ASSIGNMENT =>
Output the entries that follow character for character. Leave every image out.

**** PROVIDED MATERIAL ****

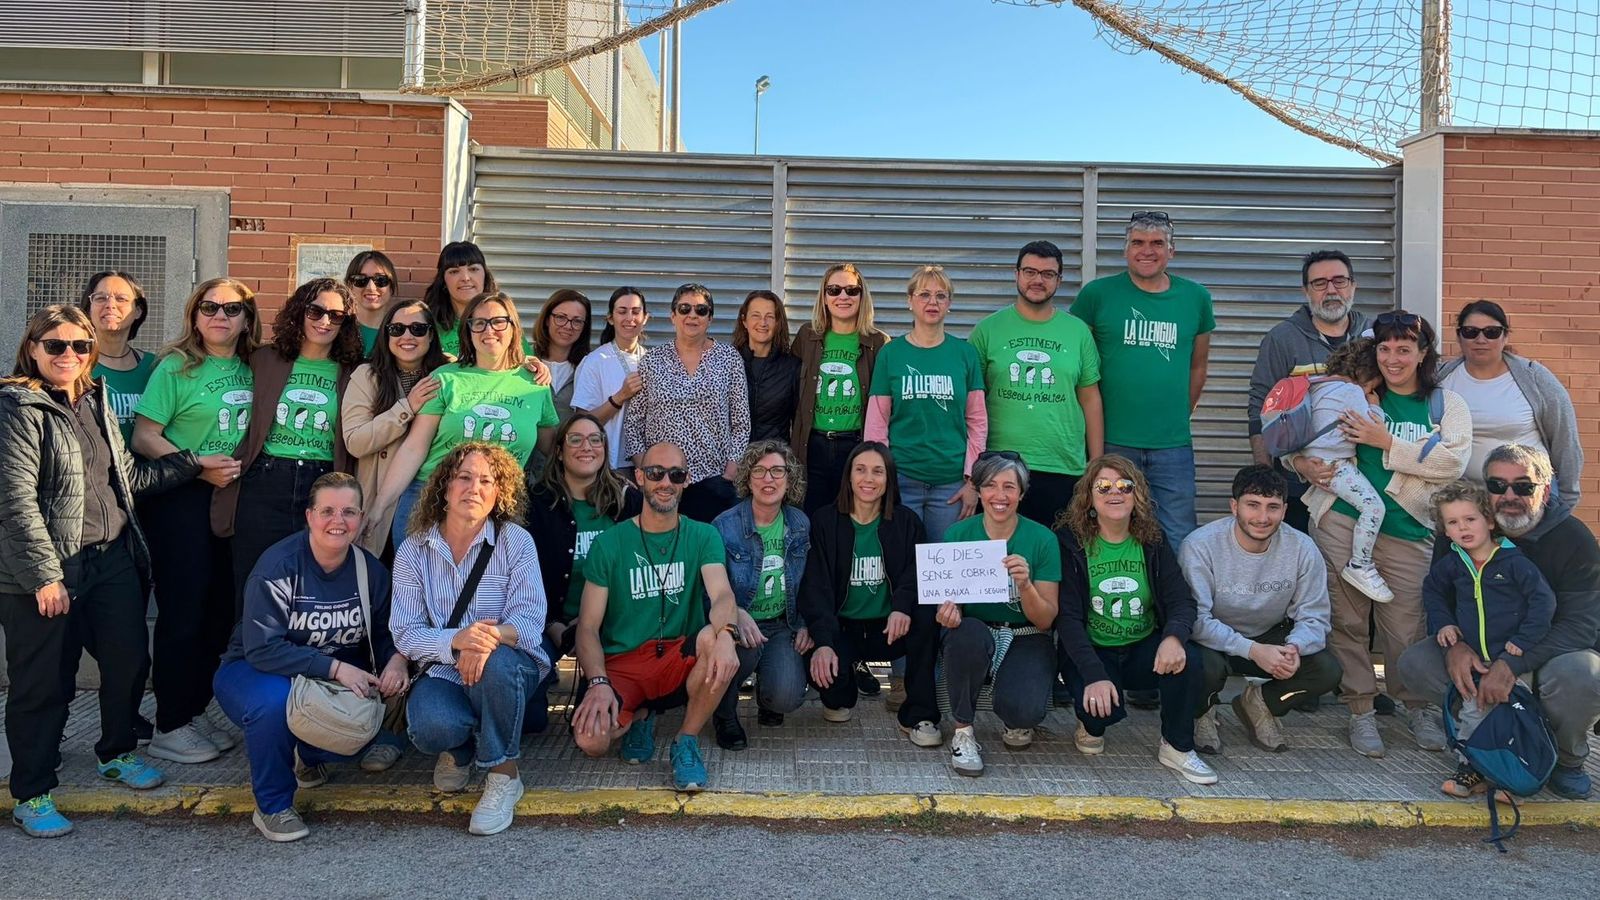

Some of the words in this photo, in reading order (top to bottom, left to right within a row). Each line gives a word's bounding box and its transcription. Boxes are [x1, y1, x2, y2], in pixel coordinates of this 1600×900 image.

[1124, 319, 1137, 341] LA
[1138, 319, 1178, 345] LLENGUA
[1008, 337, 1062, 353] ESTIMEM
[1153, 342, 1176, 350] TOCA
[822, 349, 860, 362] STIME
[204, 374, 254, 394] ESTIME
[287, 372, 338, 392] STIME
[902, 375, 914, 396] LA
[915, 374, 955, 396] LLENGUA
[460, 391, 524, 409] ESTIMEM
[1033, 391, 1067, 404] PÚBLICA
[927, 548, 946, 565] 46
[953, 548, 984, 562] DIES
[630, 567, 645, 595] LA
[643, 561, 685, 592] LLENGUA
[921, 569, 954, 582] SENSE
[960, 567, 999, 578] COBRIR
[631, 592, 646, 600] NO
[647, 590, 660, 598] ES
[922, 589, 940, 598] UNA

****

SOLVED PROBLEM =>
Some of the words in this photo, in reading order (top to bottom, left to right within a row). Each line gives a word's bounding box and its transcription. Boxes are [x1, y1, x2, y2], in pixel coordinates of this 1600×900 image.

[1124, 319, 1137, 341] LA
[1138, 319, 1178, 345] LLENGUA
[1008, 337, 1062, 353] ESTIMEM
[1153, 342, 1176, 350] TOCA
[822, 349, 860, 362] STIME
[204, 374, 254, 394] ESTIME
[287, 372, 338, 392] STIME
[902, 375, 914, 396] LA
[915, 374, 955, 396] LLENGUA
[460, 391, 524, 409] ESTIMEM
[1033, 391, 1067, 404] PÚBLICA
[927, 548, 946, 565] 46
[953, 548, 984, 562] DIES
[630, 567, 645, 595] LA
[643, 561, 685, 592] LLENGUA
[921, 569, 954, 582] SENSE
[960, 567, 999, 578] COBRIR
[631, 592, 646, 600] NO
[647, 590, 660, 598] ES
[922, 589, 940, 598] UNA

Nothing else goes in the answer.